The efficient management and care of the baby began showing signs of success. But just as Dr. Fernando, Dr. Thalgahage, Dr. Wijemanna and the team breathed a slight sigh of relief, came an “unexpected” but “major” event. The baby began bleeding from the femoral cut-down with a possible blood loss of around 50-60ml.
Even though busy on an important Zoom call, Dr. Fernando alerted Dr. Wijemanna, who once again went to the baby’s bedside and stemmed the significant blood loss, while the team gave a blood transfusion.
Thirteen long days after, the little one is on the road to recovery. He is off the ventilator with oxygen saturation being 100%, while breathing on his own from last Sunday (November 7).
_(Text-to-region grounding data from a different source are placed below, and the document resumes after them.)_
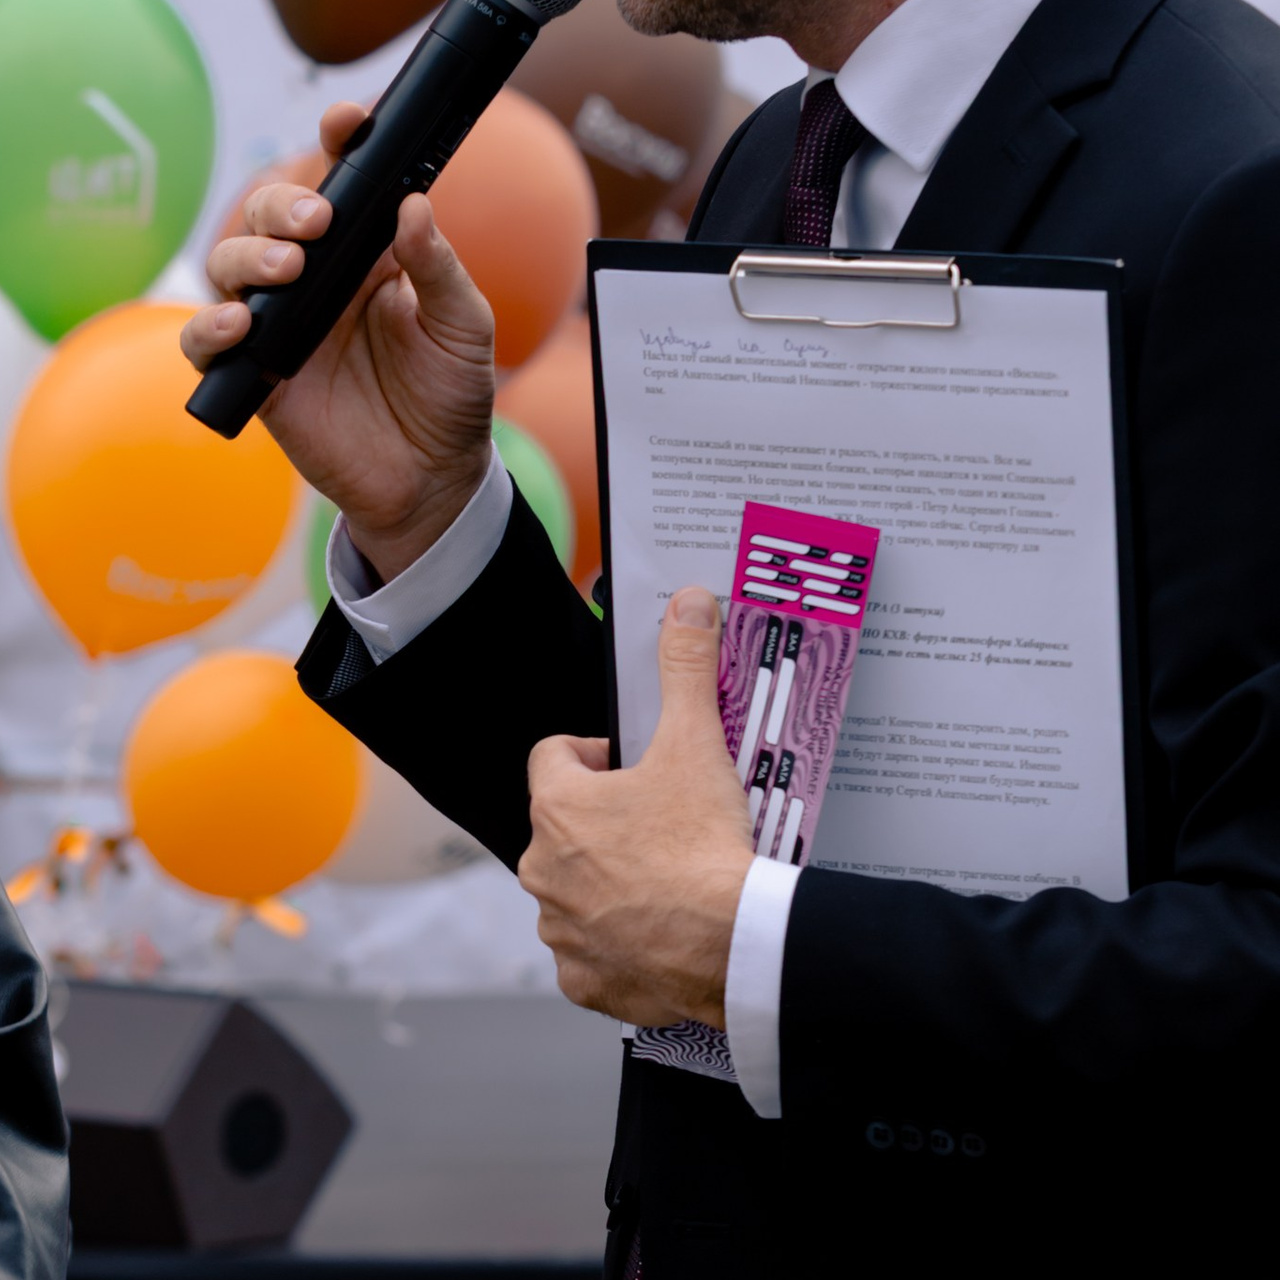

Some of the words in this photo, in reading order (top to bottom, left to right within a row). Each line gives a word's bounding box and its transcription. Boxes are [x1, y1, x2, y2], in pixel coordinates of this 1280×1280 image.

[477, 2, 493, 18] 58A
[764, 626, 778, 663] ФИЛЬМ
[787, 632, 799, 652] ЗАЛ
[756, 761, 769, 780] РЯД
[777, 757, 791, 783] ДАТА
The slow feeding had started on Day 4 (96 hours after admission to hospital), bringing a relieved smile to the faces of his hapless parents.
Now mother Ayesha is “godak sathutui” (very happy) because Clevan flashes her a cherubic smile and gurgles “aww, aww” when he sees her.
As the unsung heroes of this major life-saving effort – Dr. Fernando, Dr. Thalgahage, Dr. Wijemanna and the doctors and nurses of the PBU, the Paediatric Unit and the Dengue Unit – go about their routine work, many who have been around the baby whisper that it is a miracle.